Daiichi Sankyo collaboration
Daiichi Sankyo and AstraZeneca entered a global collaboration to jointly develop and commercialise Enhertu (a HER2-directed ADC) in March 2019, and datopotamab deruxtecan (a TROP2-directed ADC) in July 2020, except in Japan where Daiichi Sankyo maintains exclusive rights. Daiichi Sankyo is responsible for manufacturing and supply of Enhertu and datopotamab deruxtecan.

AstraZeneca in breast cancer
Driven by a growing understanding of breast cancer biology, AstraZeneca is starting to challenge, and redefine, the current clinical paradigm for how breast cancer is classified and treated to deliver even more effective treatments to patients in need – with the bold ambition to one day eliminate breast cancer as a cause of death.

AstraZeneca has a comprehensive portfolio of approved and promising compounds in development that leverage different mechanisms of action to address the biologically diverse breast cancer tumour environment. AstraZeneca aims to continue to transform outcomes for HR-positive breast cancer with foundational medicines Faslodex (fulvestrant) and Zoladex (goserelin) and the next-generation SERD and potential new medicine AZD9833. PARP inhibitor, Lynparza (olaparib) is a targeted treatment option for metastatic breast cancer patients with an inherited BRCA mutation. AstraZeneca with MSD (Merck & Co., Inc. in the US and Canada) continue to research Lynparza in metastatic breast cancer patients with an inherited BRCA mutation and are exploring new opportunities to treat these patients earlier in their disease state.

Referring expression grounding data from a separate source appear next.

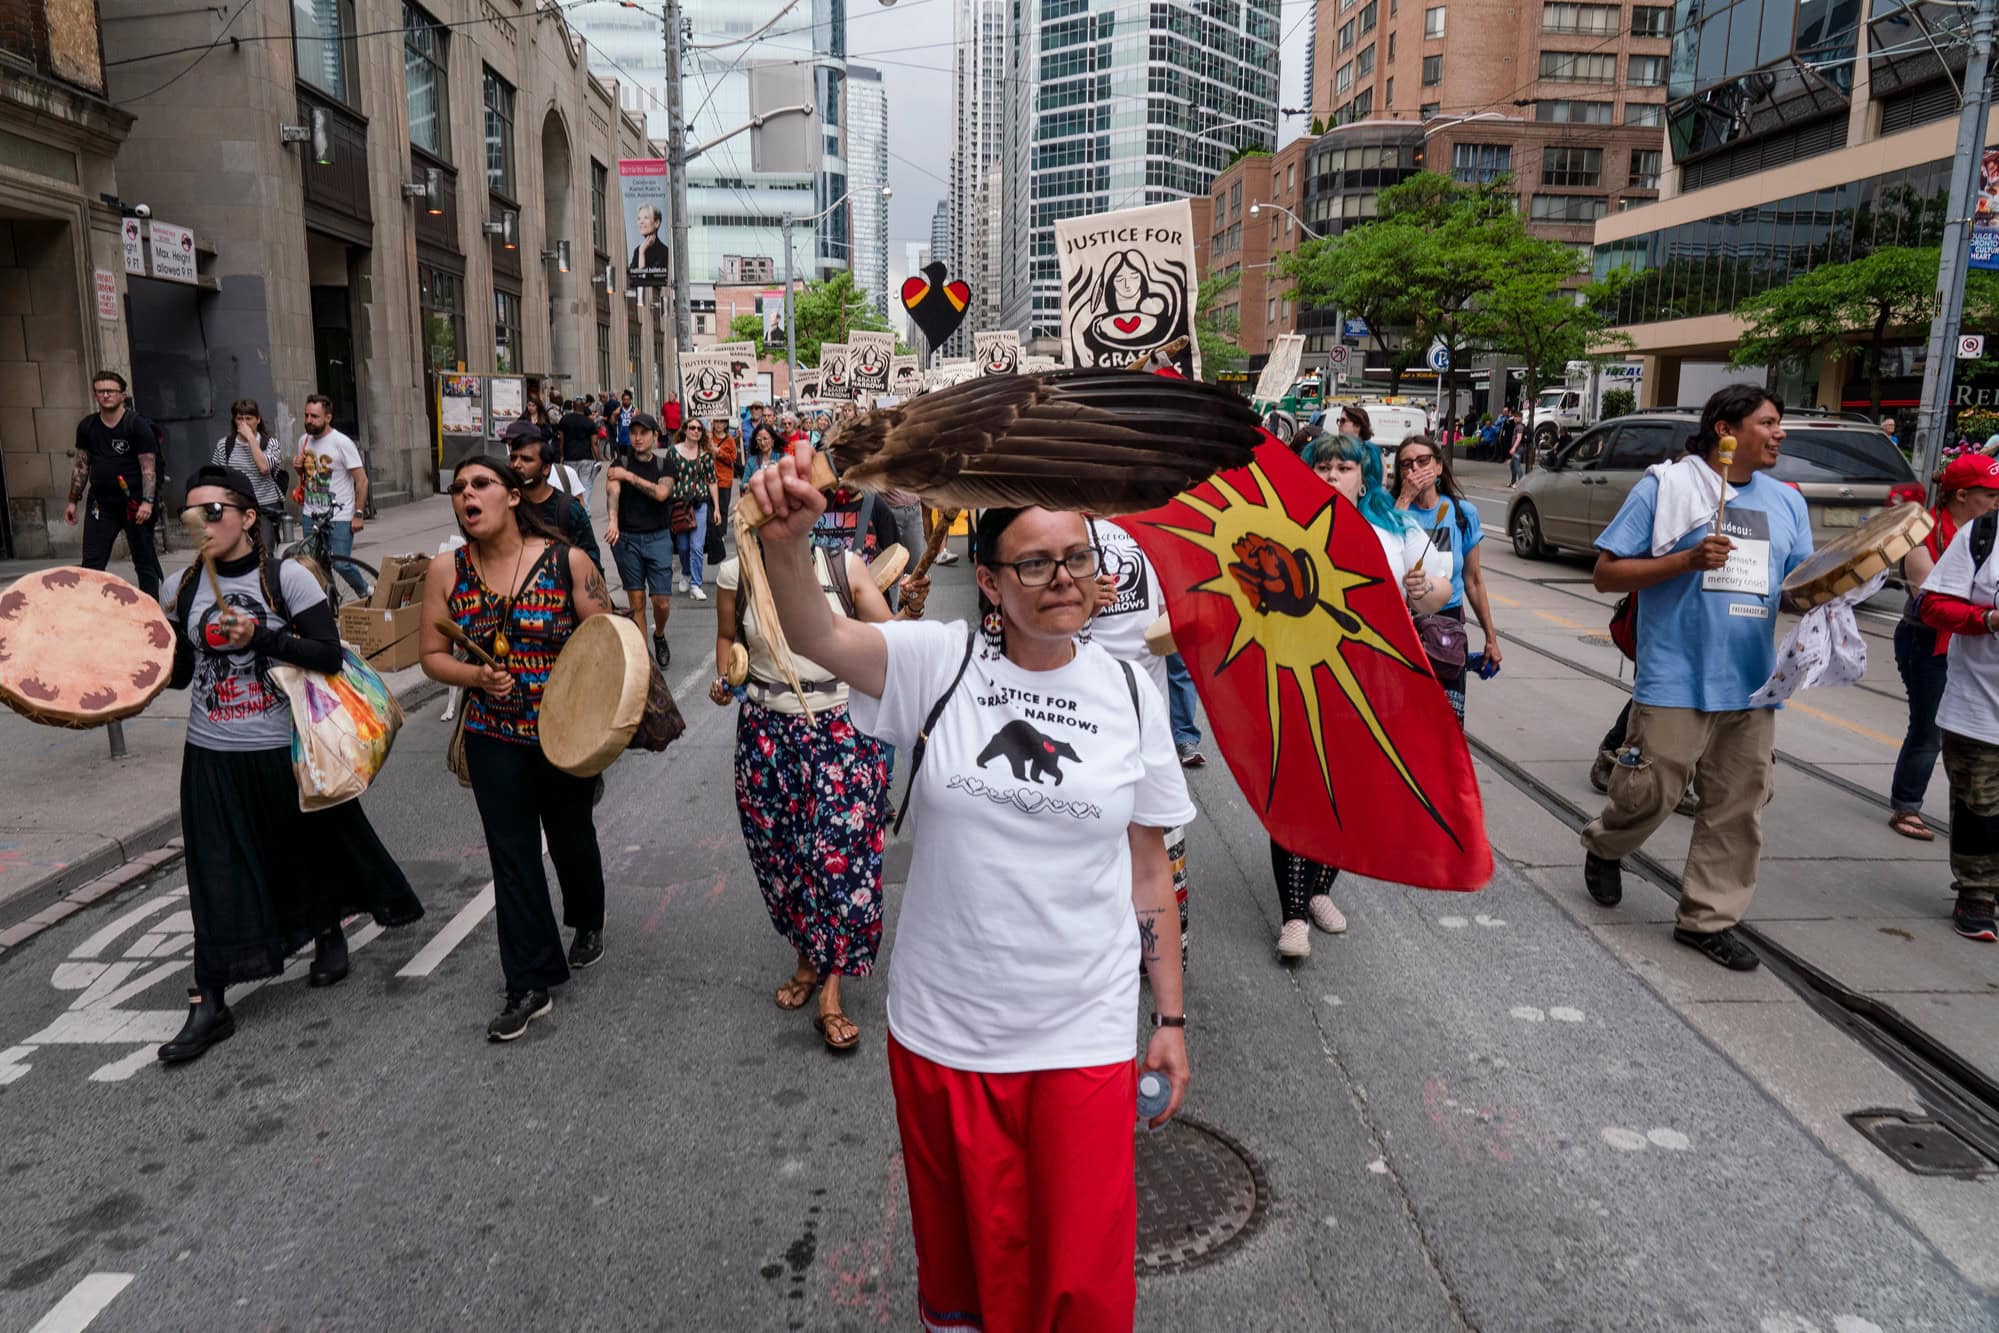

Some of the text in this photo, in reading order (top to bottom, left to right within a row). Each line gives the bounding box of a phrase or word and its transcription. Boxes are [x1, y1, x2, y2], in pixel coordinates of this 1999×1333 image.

[1067, 228, 1183, 255] JUSTICE FOR
[156, 247, 170, 259] Max.
[1975, 246, 1999, 255] CULTUR
[879, 337, 891, 346] FOR
[977, 334, 1001, 343] JUSTICE
[684, 358, 729, 368] JUSTICE FOR
[857, 375, 881, 384] GRASSY
[851, 382, 885, 391] NARROWS
[823, 391, 850, 399] NARROWS
[691, 409, 729, 417] NARROWS
[1711, 520, 1752, 536] Tudeau:
[1722, 566, 1734, 574] for
[1708, 576, 1742, 587] mercury
[1101, 598, 1145, 615] ARROWS
[214, 676, 245, 702] WE
[208, 694, 276, 724] RESISTANCE
[1046, 697, 1078, 712] FOR
[976, 695, 1099, 735] GRAS NARROWS
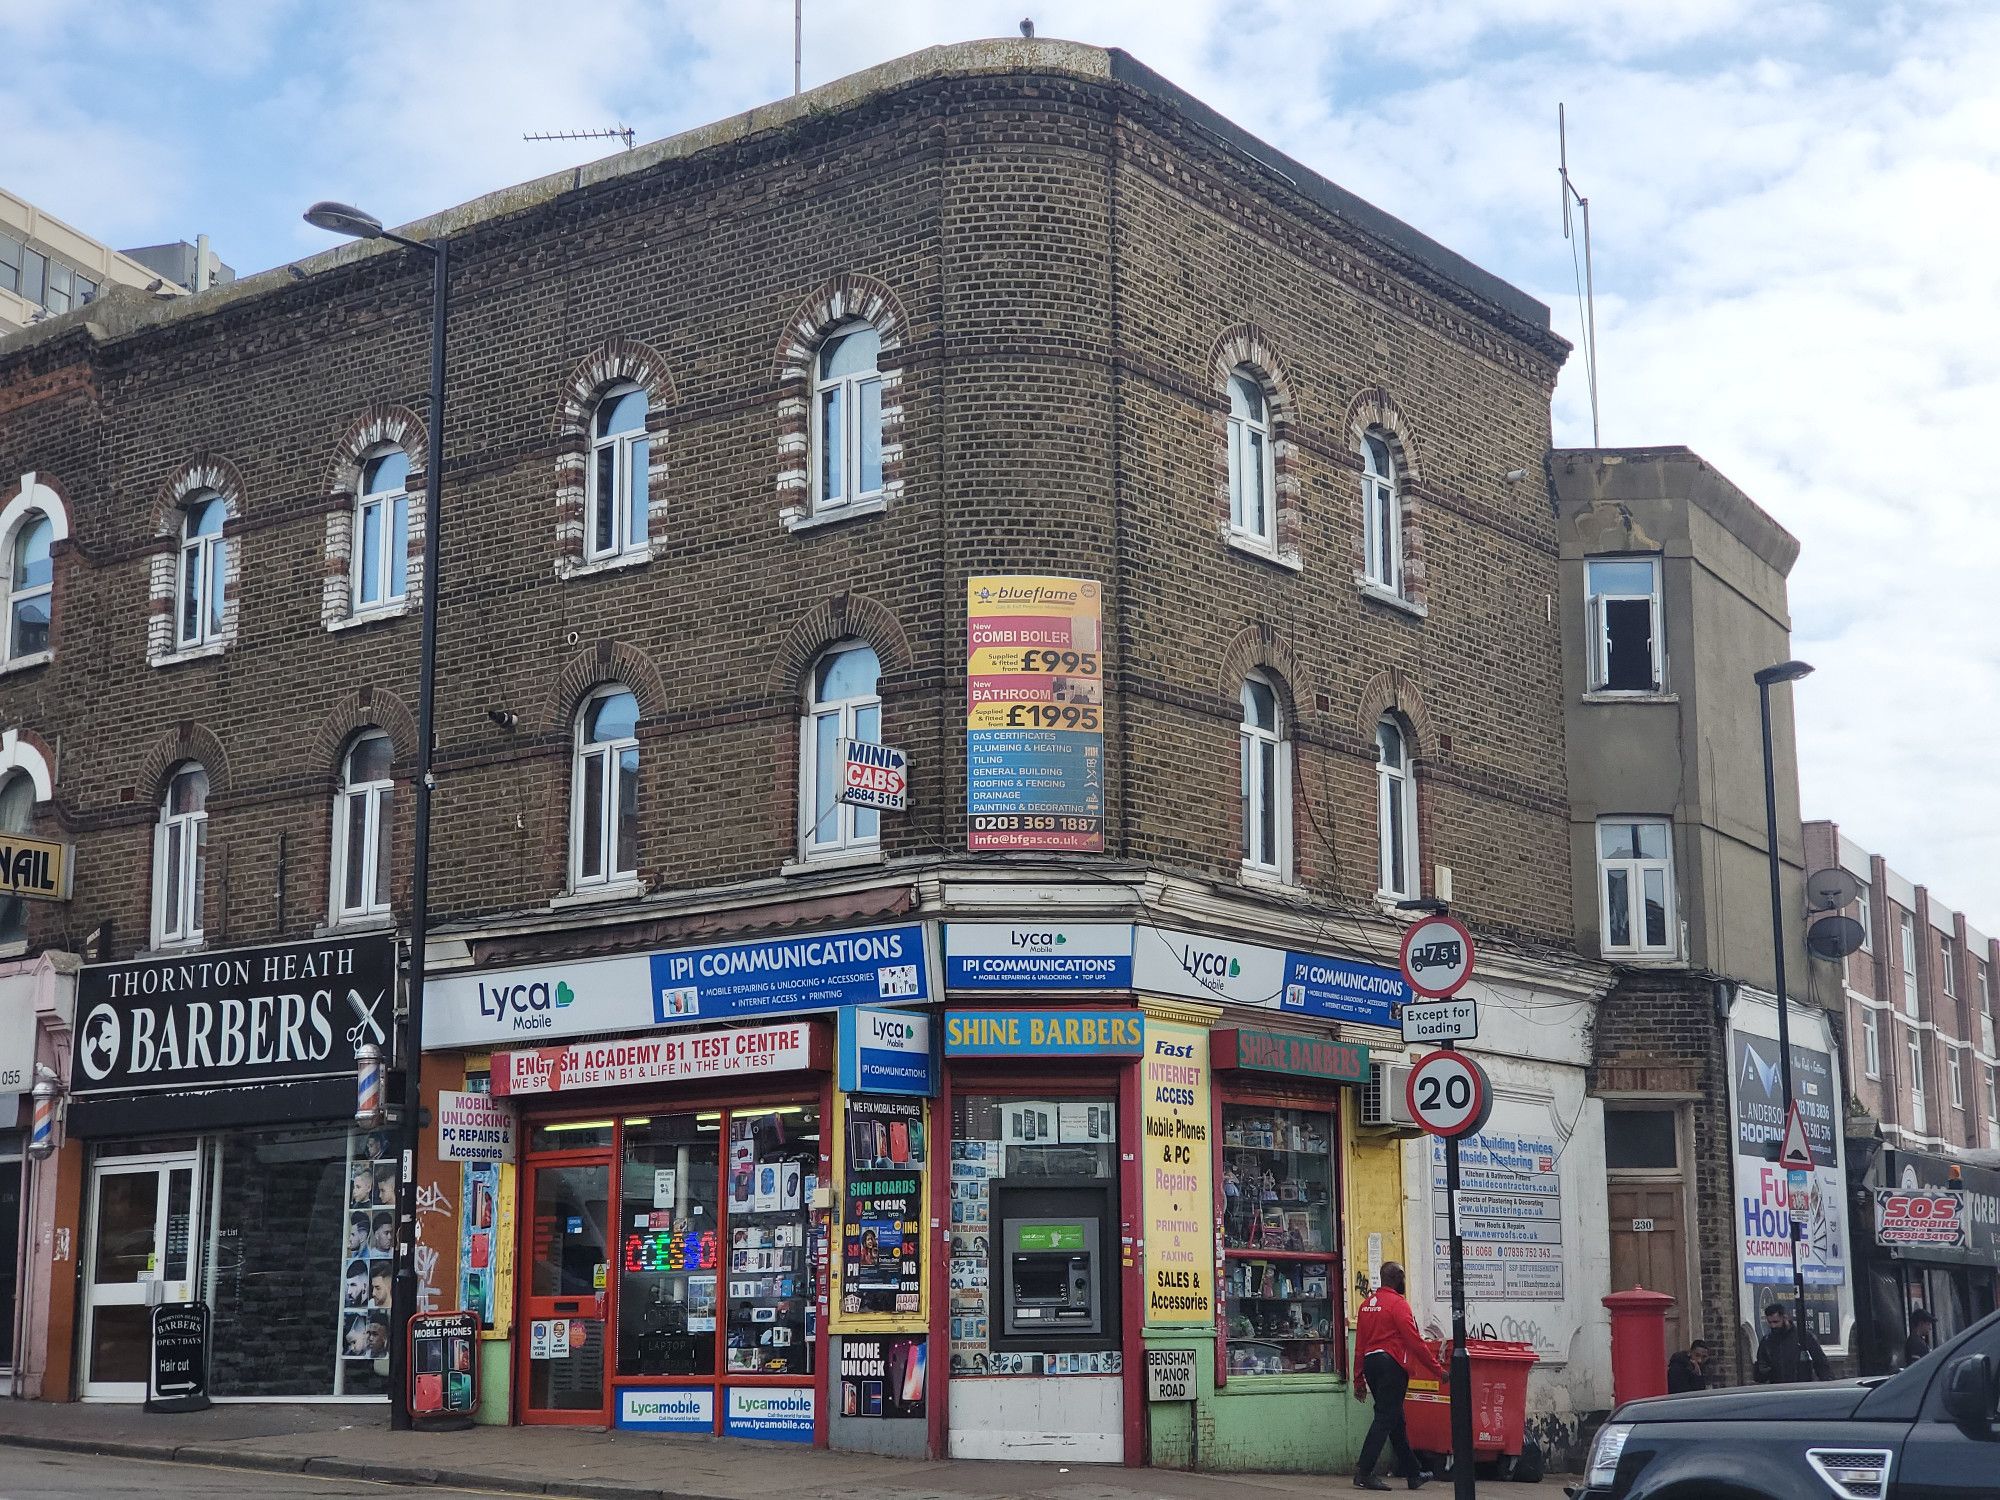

Building on the first approval of Enhertu, a HER2-directed ADC, in previously treated HER2-positive metastatic breast cancer, AstraZeneca and Daiichi Sankyo are exploring its potential in earlier lines of treatment and in new breast cancer settings. To bring much needed treatment options to patients with triple-negative breast cancer, an aggressive form of breast cancer, AstraZeneca is testing immunotherapy durvalumab in combination with other oncology medicines, including Lynparza and Enhertu, assessing the potential of AKT kinase inhibitor, capivasertib, in combination with chemotherapy, and collaborating with Daiichi Sankyo to explore the potential of TROP2-directed ADC, datopotamab deruxtecan.

AstraZeneca in oncology
AstraZeneca has a deep-rooted heritage in oncology and offers a quickly growing portfolio of new medicines that has the potential to transform patients’ lives and the Company’s future. With seven new medicines launched between 2014 and 2020, and a broad pipeline of small molecules and biologics in development, the Company is committed to advance oncology as a key growth driver for AstraZeneca focused on lung, ovarian, breast and blood cancers.

By harnessing the power of six scientific platforms – Immuno-Oncology, Tumour Drivers and Resistance, DNA Damage Response, Antibody Drug Conjugates, Epigenetics, and Cell Therapies – and by championing the development of personalised combinations, AstraZeneca has the vision to redefine cancer treatment and, one day, eliminate cancer as a cause of death.